The Division of Labour & Climate Science Part 1

Bishop Hill displays to an excellent short video at TED by Matt Ridley, encapsulating the concepts of the division of labour and comparative advantage. One thing that Matt Ridley leaves out is the creative destructiveness of competition through supplanting the existing order. Specialisation leads to new products and processes. By implication, the established processes and products are overturned. (Joseph Schumpeter needs to be added to the list of Adam Smith and David Ricardo)

It is not just in the sphere of production that these concepts apply. It is also with empirical science, be it economics, medical research or climatology. With complex data and many facets to the subject, there is scope for division of labour into

–         Data collectors,

–         Data analysts & measurers,

–         Statisticians to validate the analysis,

–         Theoreticians to innovate or create new ideas.

–         Mathematicians, to provide tools for analysis.

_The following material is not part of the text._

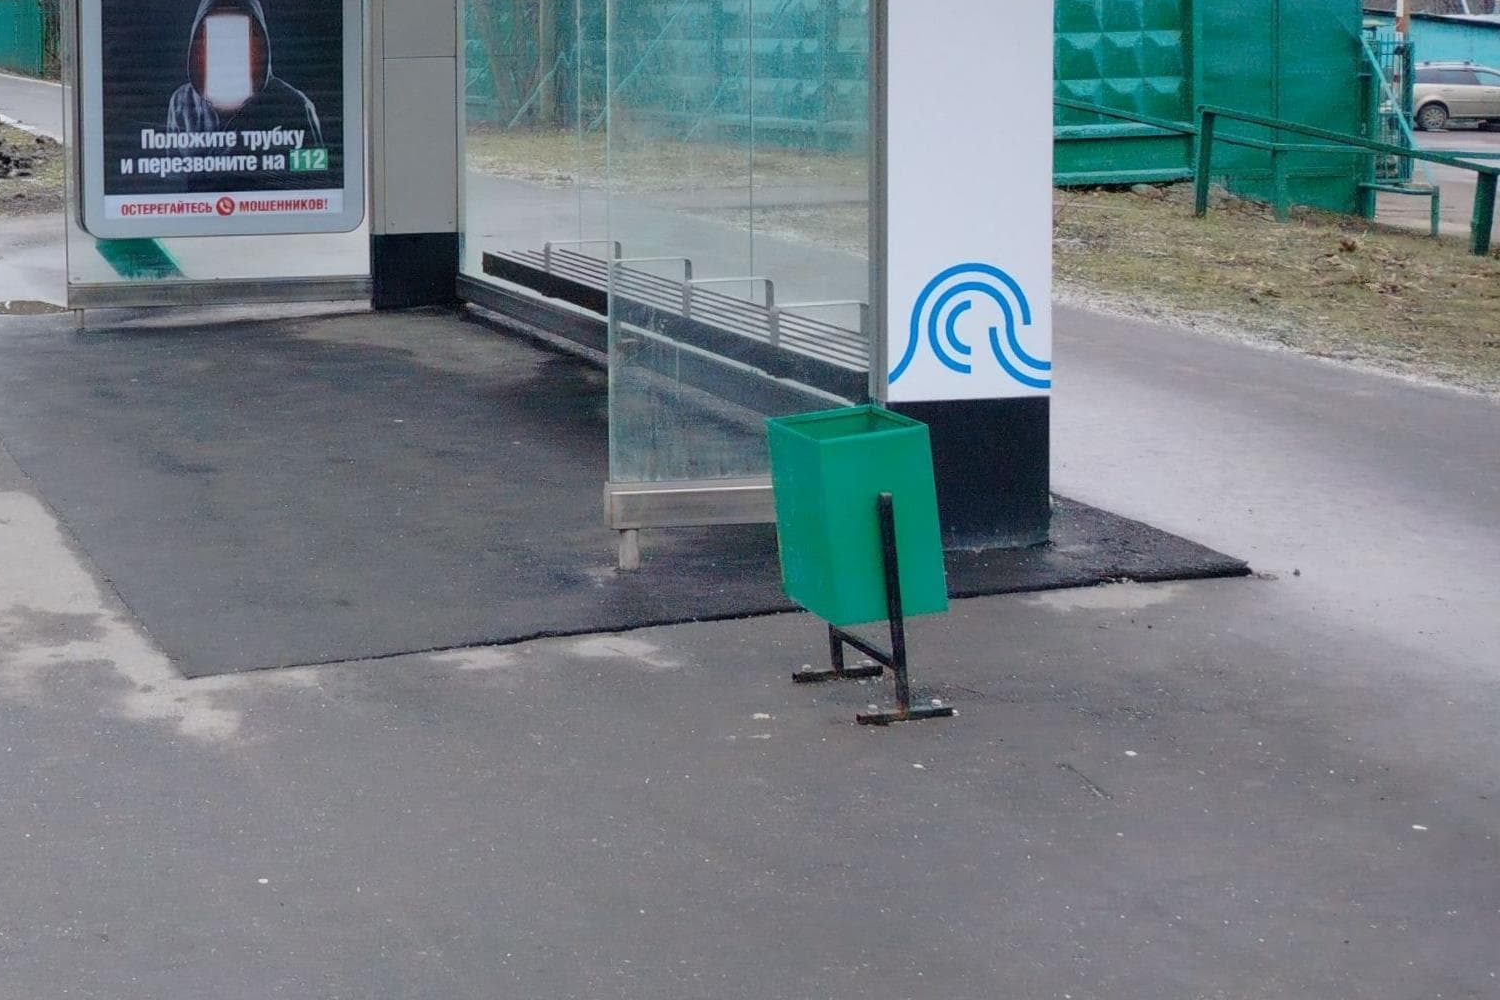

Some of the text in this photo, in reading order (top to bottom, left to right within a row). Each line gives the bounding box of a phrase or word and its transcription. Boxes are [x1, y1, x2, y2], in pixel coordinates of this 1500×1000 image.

[141, 126, 305, 150] Положите трубку
[120, 150, 326, 177] и перезвоните на 112
[121, 198, 328, 216] ОСТЕРЕГАЙТЕСЬ МОШЕННИКОВ!

–         Methodologists, to provide structures of meaning and assess the boundaries of science.

–         This is alongside the general sub-divisions of the subject, which may change over time.

–         Alongside greater specialists there is also scope for generalist assessors who get a total perspective of the corpus of knowledge, weighing up the status of competing ideas.

–         Academic competition (to gain status) leads to improvements, but can also lead to diversity in conclusions. It also tends to blunt the conclusions where data is ambiguous or fuzzy.

This makes things a bit messy. In economics there has ceased to be any dominant schools of thought or policy prescriptions. But in climatology we are lucky to have the IPCC, which divides the world into a small group of generalist experts (who agree their main conclusions) and the masses, who accept the wisdom handed down. A bit like the guild system, that kept England in the Dark Ages.